• Source material:
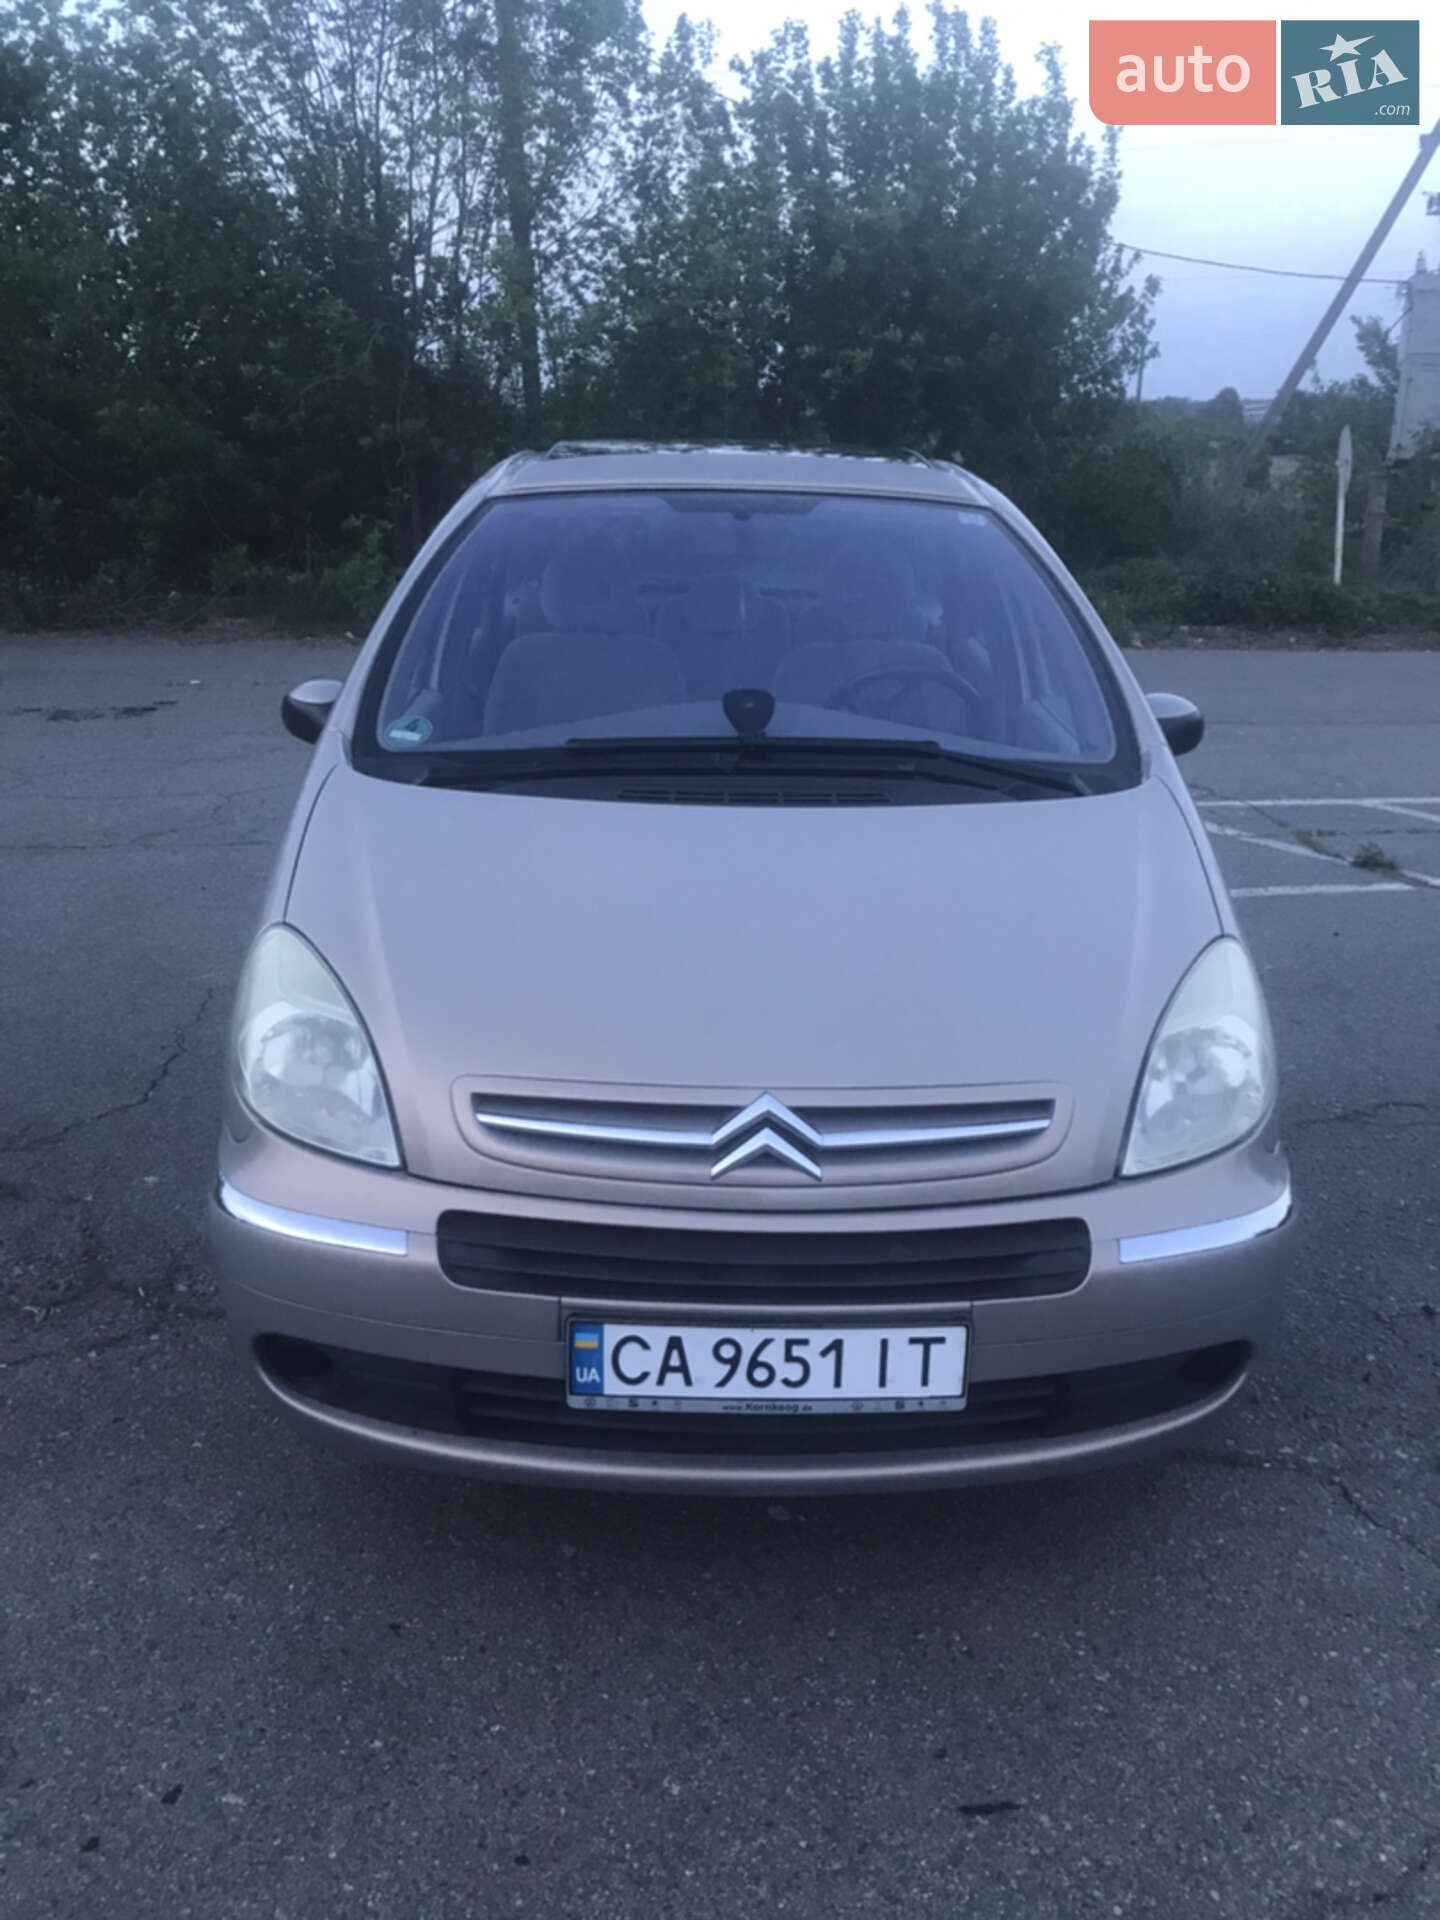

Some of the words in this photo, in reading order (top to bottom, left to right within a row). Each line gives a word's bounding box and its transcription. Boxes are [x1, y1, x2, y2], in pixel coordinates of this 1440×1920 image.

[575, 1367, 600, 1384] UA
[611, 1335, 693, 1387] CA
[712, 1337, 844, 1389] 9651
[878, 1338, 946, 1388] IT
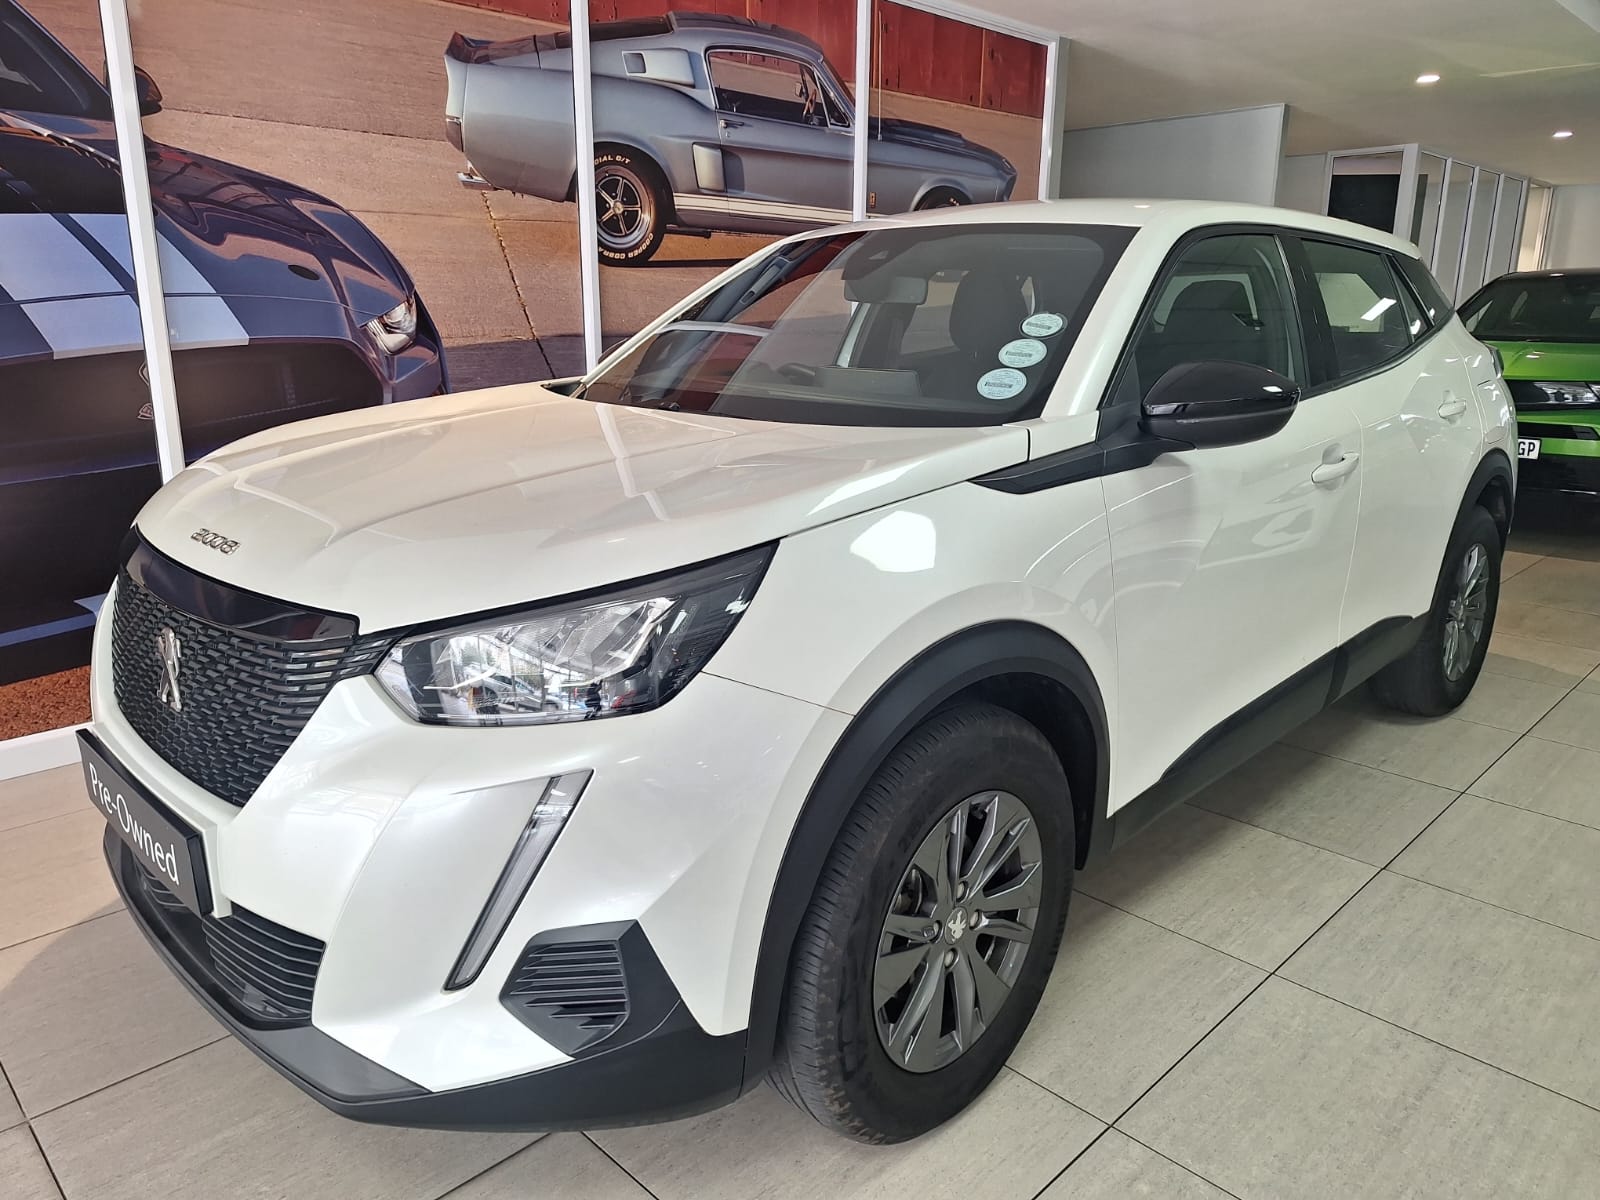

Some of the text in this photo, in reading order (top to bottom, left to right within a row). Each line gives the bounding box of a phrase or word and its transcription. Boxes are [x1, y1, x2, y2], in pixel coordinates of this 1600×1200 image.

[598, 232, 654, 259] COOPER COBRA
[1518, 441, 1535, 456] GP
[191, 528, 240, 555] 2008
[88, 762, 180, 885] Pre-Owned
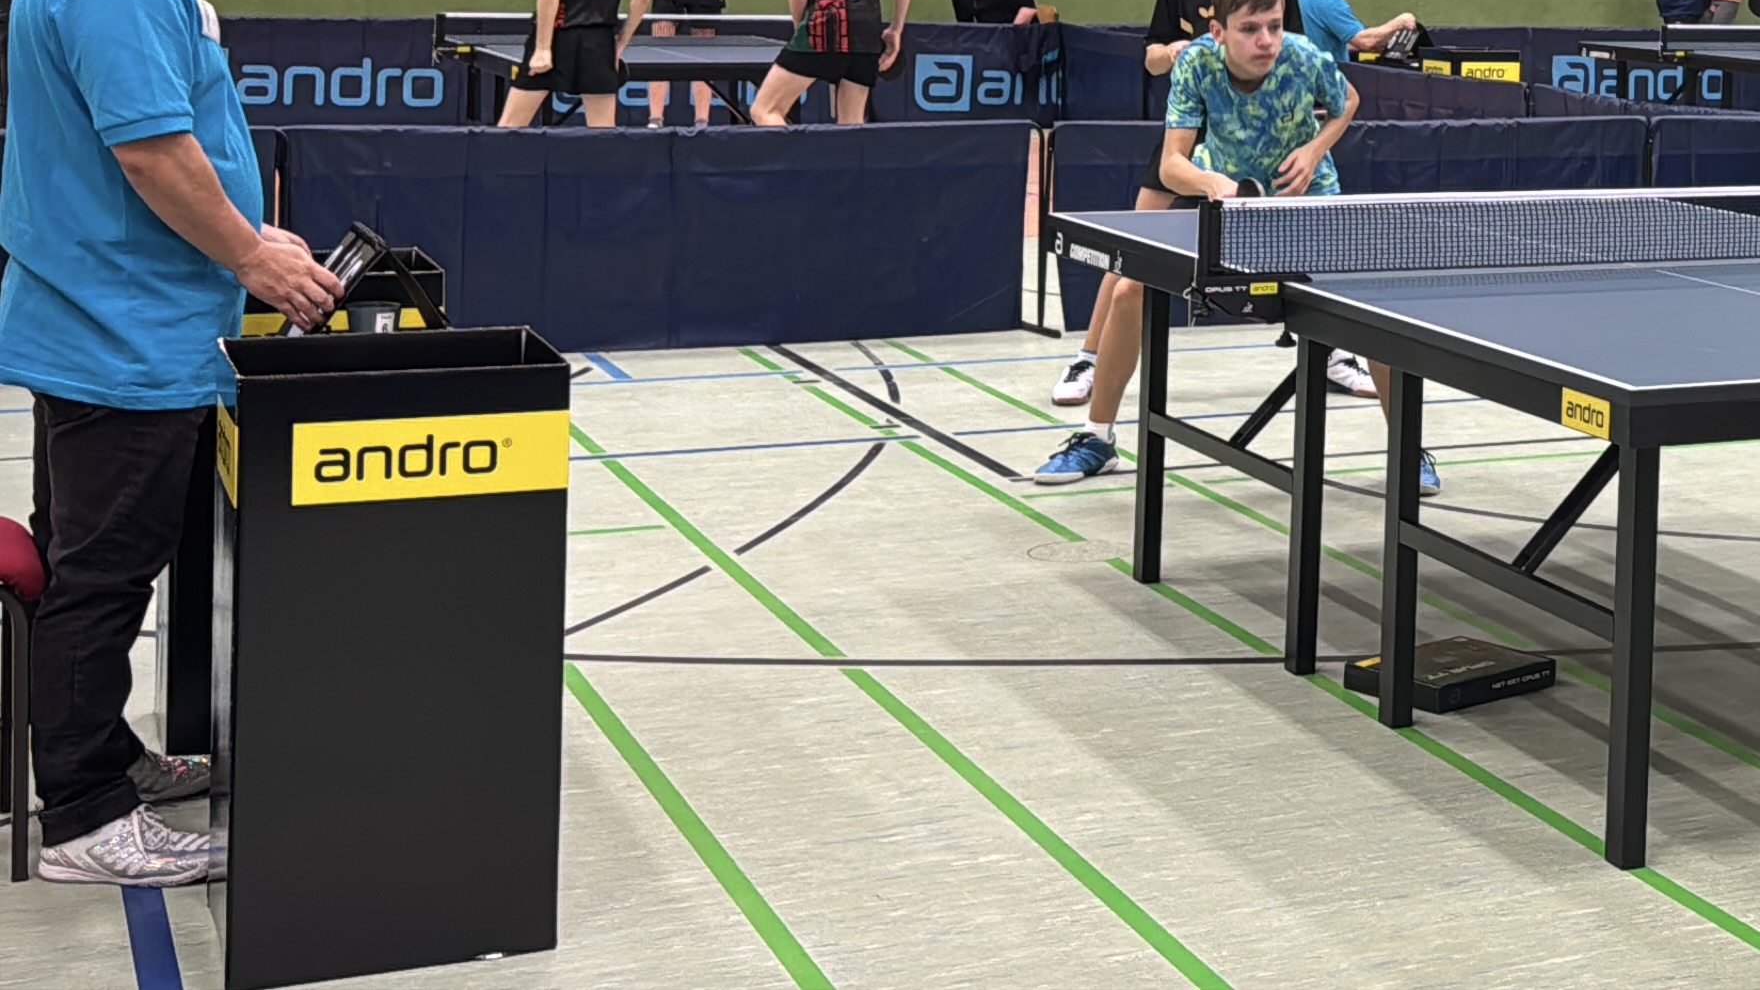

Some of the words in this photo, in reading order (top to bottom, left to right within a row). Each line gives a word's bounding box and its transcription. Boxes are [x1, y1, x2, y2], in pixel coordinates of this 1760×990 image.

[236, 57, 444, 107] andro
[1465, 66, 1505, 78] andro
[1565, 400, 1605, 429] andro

• Aim of the exercise: Exact repetition of all the records is required, with the pictures excluded.

• Task solution:
Some of the words in this photo, in reading order (top to bottom, left to right within a row). Each line gives a word's bounding box and its transcription. Boxes are [x1, y1, x2, y2], in pixel coordinates of this 1440×1920 image.

[575, 1367, 600, 1384] UA
[611, 1335, 693, 1387] CA
[712, 1337, 844, 1389] 9651
[878, 1338, 946, 1388] IT

Some of the text in this photo, in reading order (top to bottom, left to right within a row). Each line gives the bounding box of a phrase or word and its transcription. Boxes are [x1, y1, x2, y2], in pixel coordinates of this 1600×1200 image.

[598, 232, 654, 259] COOPER COBRA
[1518, 441, 1535, 456] GP
[191, 528, 240, 555] 2008
[88, 762, 180, 885] Pre-Owned

Some of the words in this photo, in reading order (top to bottom, left to right within a row). Each line gives a word's bounding box and its transcription. Boxes are [x1, y1, x2, y2], in pixel coordinates of this 1760×990 image.

[236, 57, 444, 107] andro
[1465, 66, 1505, 78] andro
[1565, 400, 1605, 429] andro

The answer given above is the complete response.